Why underwriting discipline is sharpening in specialist markets

Insurance News

By Bryony Garlick

As insurance markets begin to soften after several years of firm pricing, specialist underwriters are facing a familiar challenge: how to continue growing while maintaining underwriting discipline.

According to Paul Bennett (pictured), underwriting director at NBS, the dynamics of specialist markets mean competition behaves differently than in mainstream lines.

“I think the best description I heard was from one of the directors at Lloyd’s who said: it’s a softening market, not a soft market,” Bennett said.

Specialist players typically operate in narrower segments where underwriting expertise and niche focus reduce the level of direct competition. Even as broader insurance conditions begin to ease after several years of firm pricing, Bennett believes specialist underwriters are still actively looking for opportunities to grow.

However, growth increasingly depends on more precise underwriting decisions.

Risk selection becoming more targeted

For Bennett, underwriting discipline is less about broad pricing corrections and more about understanding exactly where losses originate within a portfolio.

“If I have to go to a product and put a 20% rate increase across the board, to me I’ve failed,” he said. “It’s lazy underwriting for a start.”

Underwriting discipline, Bennett argues, increasingly depends on understanding exactly where losses are emerging within a portfolio.

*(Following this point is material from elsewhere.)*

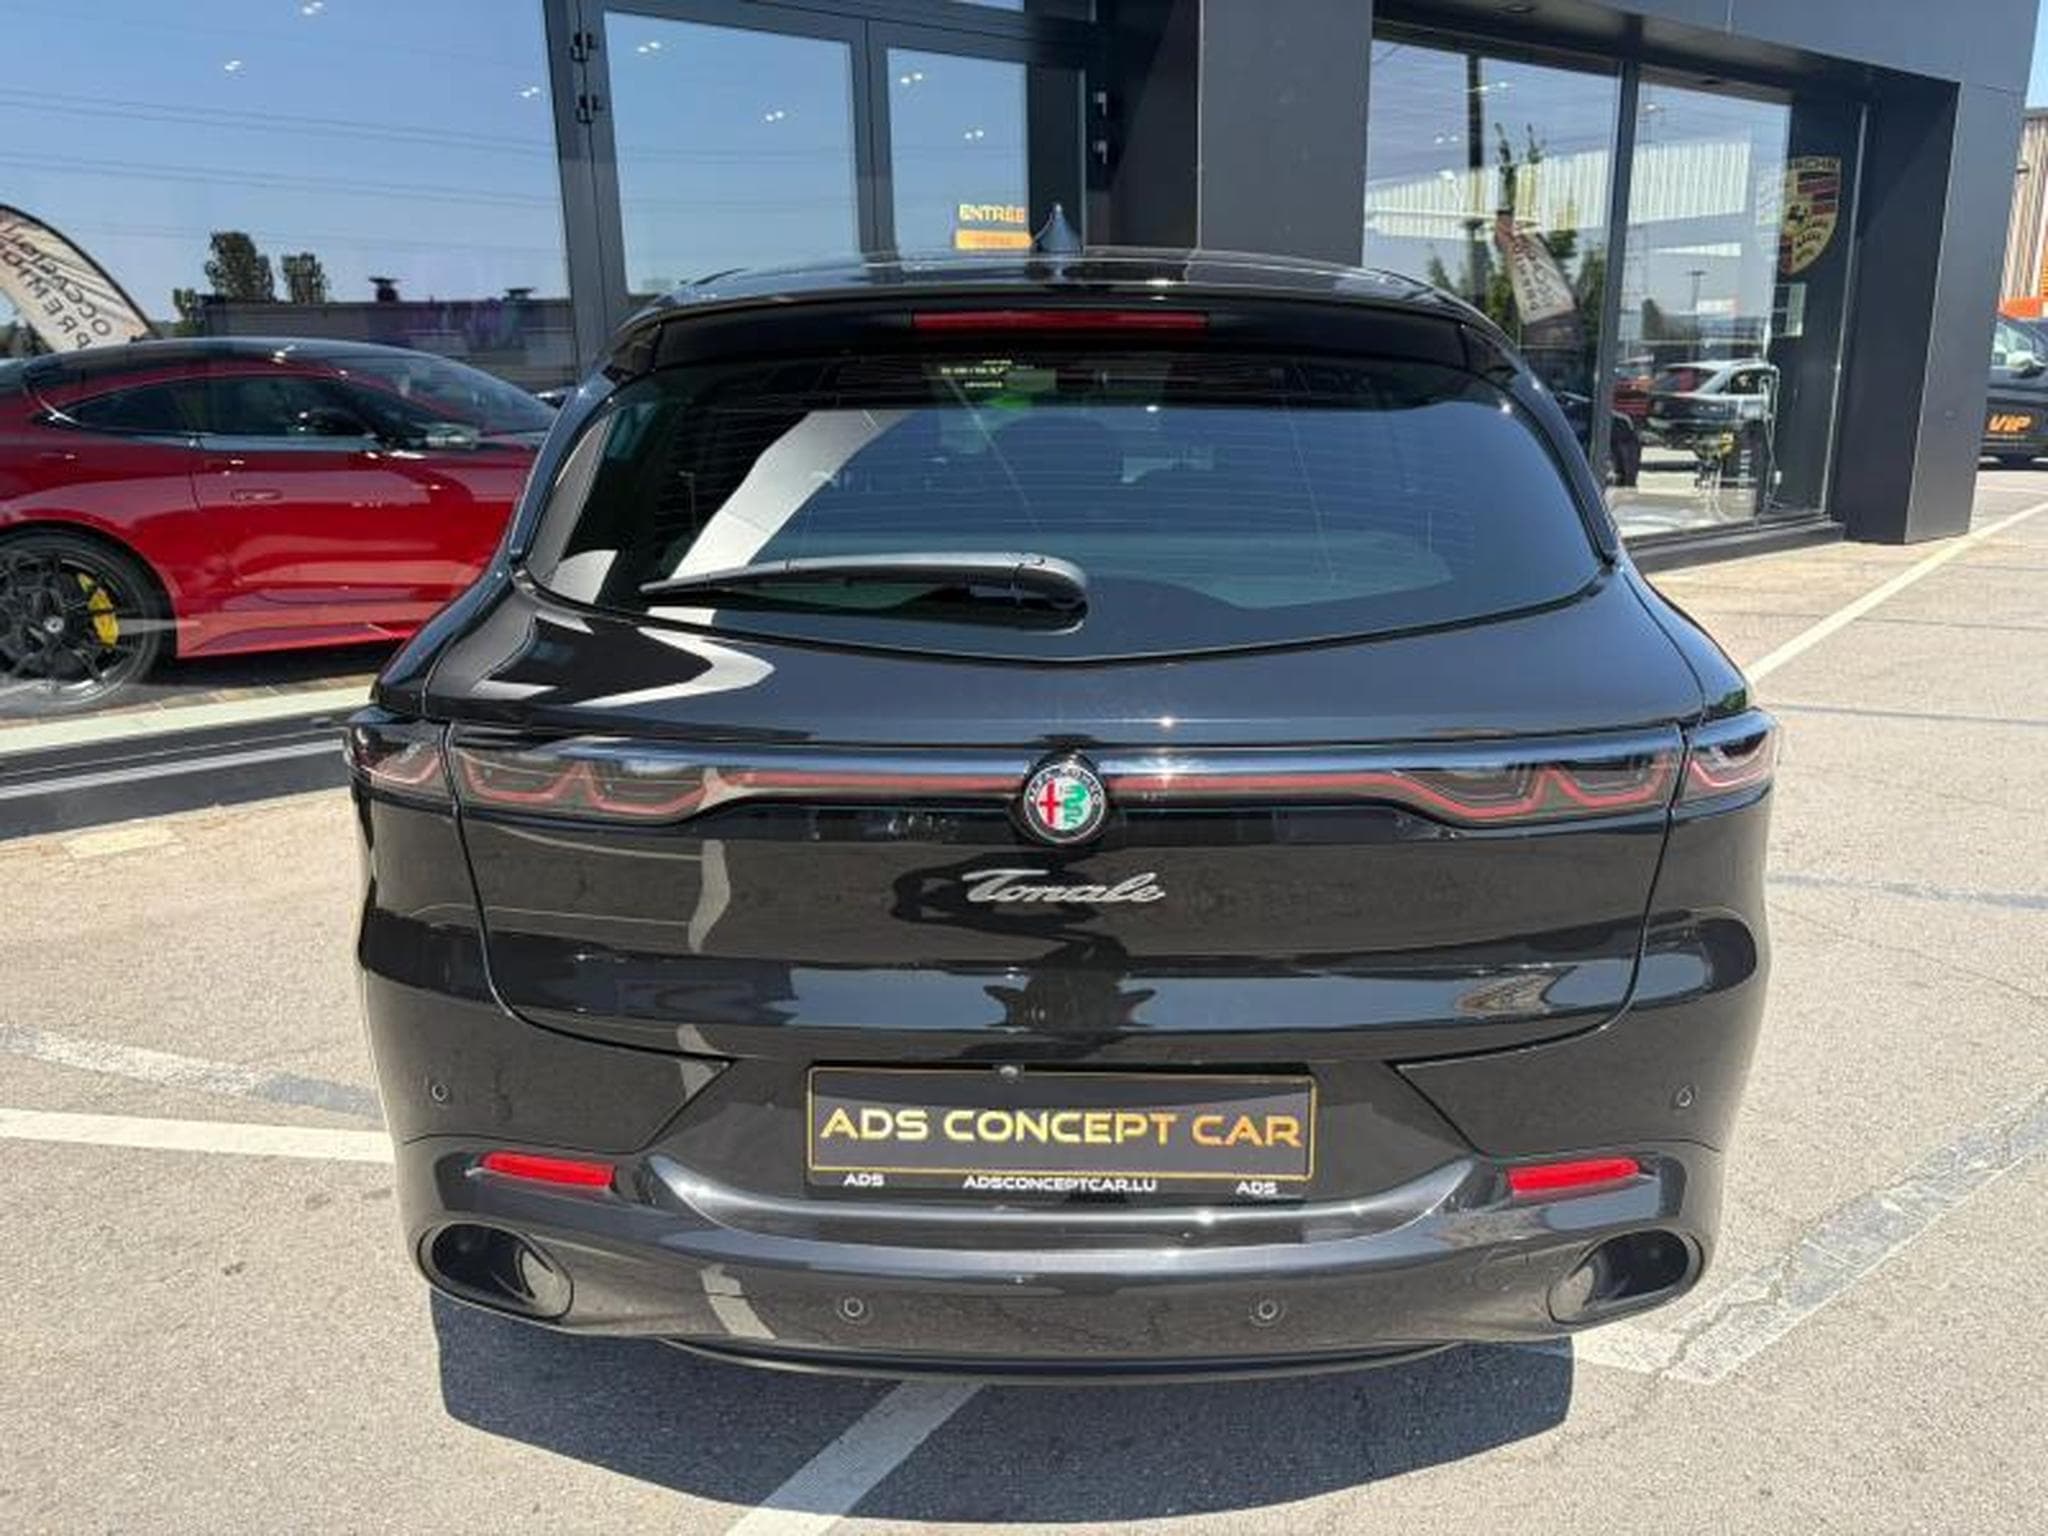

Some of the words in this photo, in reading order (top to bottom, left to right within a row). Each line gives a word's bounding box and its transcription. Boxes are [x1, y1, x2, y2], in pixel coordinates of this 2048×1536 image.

Rather than applying broad pricing corrections, specialist underwriters are using data to identify underperforming sectors and adjust appetite accordingly.

That approach allows insurers to remain competitive in profitable niches while tightening terms or withdrawing from areas that consistently generate losses.

“As long as you know what hurts you, then you can be more aggressive on the stuff that doesn’t,” he said.

That approach can produce significant improvements over time. Bennett said that by identifying and removing underperforming segments within certain products, NBS has seen loss ratios improve over several years without withdrawing entirely from those lines.

Claims data driving faster underwriting responses

Another major shift Bennett highlights is the speed at which claims information should influence underwriting decisions.

“How quickly should claims performance reshape underwriting rules? Yesterday, basically,” he said.

Access to real-time or near real-time portfolio data has made it possible to respond much more quickly to emerging trends.

Internal data systems allow some performance metrics to update every 30 minutes, while others refresh overnight. The company is also working to link its claims providers directly into internal systems to ensure reserve changes and claim developments feed straight into underwriting analysis.

This level of data visibility means underwriting rules can be adjusted quickly when loss patterns begin to emerge. Reducing the delay between identifying a problem and taking corrective action is increasingly important in competitive specialist markets.

Speed remains a structural advantage for MGAs

Bennett believes the ability to respond quickly to performance data is one of the key advantages MGAs have over larger insurers.

Large carriers often rely on extensive historical data sets and multiple layers of underwriting oversight before adjusting pricing or appetite. MGAs, by contrast, can modify underwriting rules, policy conditions or sector appetite far more quickly.

This agility is particularly valuable in specialist markets where underwriting performance can be heavily influenced by specific niches or industry sectors.

For Bennett, combining detailed data analysis with rapid underwriting adjustments is becoming one of the defining characteristics of successful specialist underwriting businesses.

As competition increases and pricing conditions soften, the ability to identify profitable niches, and react quickly when performance deteriorates, may prove to be one of the most important underwriting capabilities.